Chapter Nineteen

Nineteen

Adelasia

“You’re holding it too tightly,” Rowan says from behind me.

I let out a frustrated groan. “Easy for you to say, bird boy. You let your magic slip and every woman within a mile gets on her knees. I let it slip, and I’ll burn this courtyard to the ground.”

“So burn it,” he says. “Trust me, I understand the fear, but clenching onto it won’t subdue it, it will only wear you out and make it easier to break you.”

He steps closer, boots soft on the moss-covered stones. I feel the shift in the air before I feel him. His magic is different than mine. Warmer. Older. Tempting in the way floating is—like if I surrender to the current, he might keep me afloat.

“Breathe,” he says.

I do. Inhale. Exhale. The magic shivers.

“That’s it,” he murmurs, voice low behind me. “Now again.”

Another breath. Another pulse.

It sings inside me, beautiful and wicked. I’m not sure which of us it’s responding to anymore. Me, or him.

“Good girl,” he whispers. “Now direct it outward, slowly, instead of keeping it coiled inside.”

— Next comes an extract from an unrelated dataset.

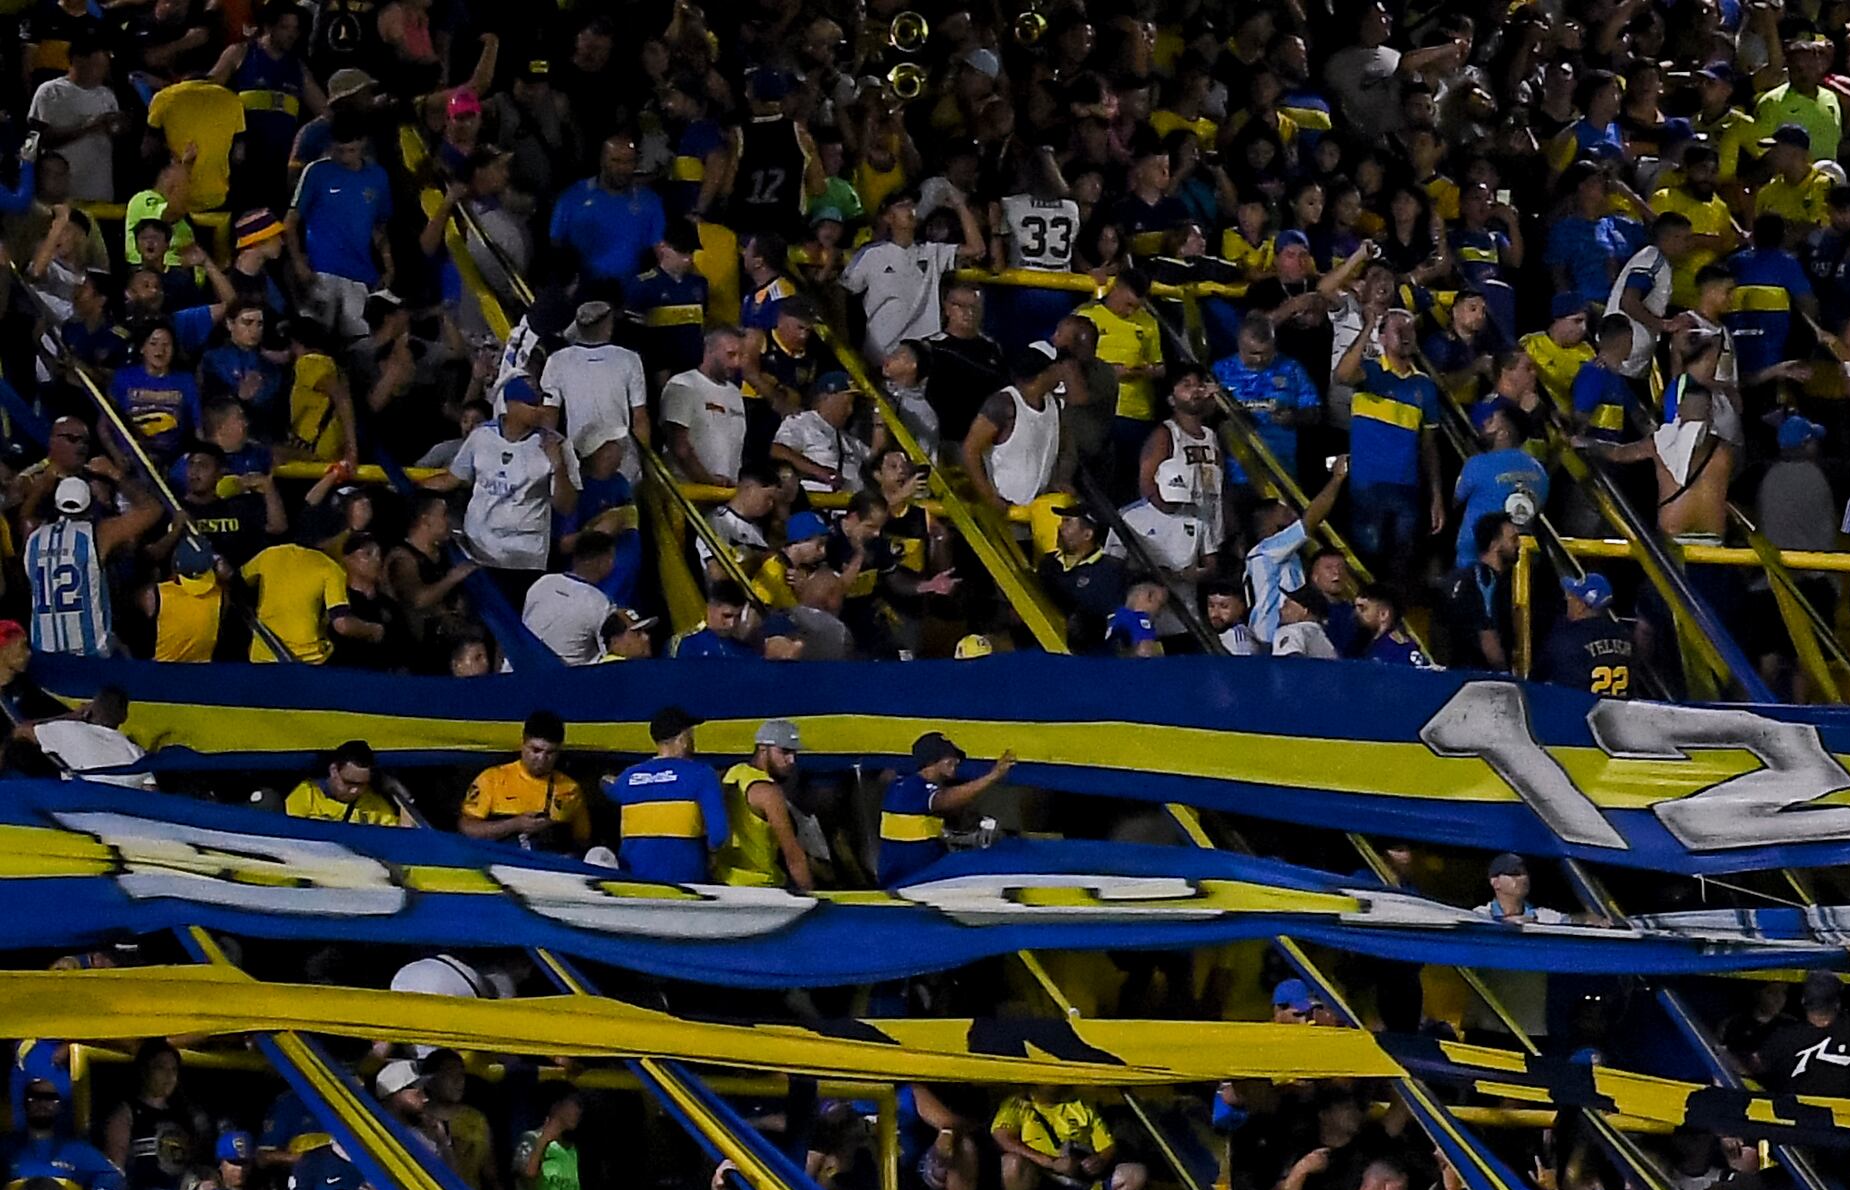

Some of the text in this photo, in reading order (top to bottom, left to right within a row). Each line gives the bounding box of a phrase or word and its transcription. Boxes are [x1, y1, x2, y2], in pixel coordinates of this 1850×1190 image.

[1021, 216, 1072, 259] 33
[37, 557, 83, 614] 12
[1590, 665, 1631, 697] 22

I exhale, and a black tendril of magic lashes out and shatters the stone bench across the courtyard. I rub my face in my palms, exasperated. I was supposed to move the bench, not break it.

I look at Rowan, expecting to find him horrified or frustrated with me too. His expression is unreadable at first. Then, softly, he smiles.

“Try again,” he says. “You can do it.”

We train for hours. I lose track of time the way I always did when I danced—surrendering to the rhythm of movement and breath.

It’s not that I trust Rowan fully. But I trust this. The clarity he offers. I’ve never been able to use this magic around Kaius. I’m too afraid it’ll hurt him. That it’ll hurt us.

But Rowan doesn’t flinch. He never has.

Not when the rot darkens up my wrist. Not when I cry out in frustration and scorch the weeds growing in the courtyard. Not when I collapse to my knees, ready to give up, and whisper that I’m afraid of what I’ve become.

He just kneels beside me, breath slow, eyes soft.

“You are something new,” he says. “But new doesn’t make you unlovable.”

My throat tightens. I don’t know what to say to that.

Later, after I’ve washed the soot from my skin, I catch Rowan still watching me. Not like a predator. Not like a lover, either.

Like someone studying a new constellation he hasn’t yet named.

“You care about him,” he says.

“Kaius?” What a stupid question. “I love him. Of course I care about him.”

“And what about him?” he asks. “Do you think he still loves you?”

“What a cruel thing to ask. Of course he does.” I sigh. “But…I don’t think he sees all of me anymore. The parts that are new and uncertain. I think he’s trying to, but he doesn’t look at me the way he used to.”

Rowan takes a step toward me, leaning onto the cool marble. His wings twitch in the soft wind and I watch the pretty colors reflect onto the marble as if his wings were made of diamonds.

His presence is comforting and calm in an unending storm that has followed me since I crawled back from the grave.

“I see you,” he finally says. There’s no double meaning, no snugness in his voice. Just truth.

“And?” I ask. He doesn’t respond. He only meets my gaze for a moment, before the silence between us cracks like thin ice over a frozen lake.

My heart races when his soft lips touch mine. It’s featherlight–barely there, but the first thing that’s felt grounding in my life in weeks.

When he pulls away, I gulp. “You shouldn’t have done that.”

“Did you dislike it?” he asks.

I can’t answer him.

So I simply slip away under his wing and head inside.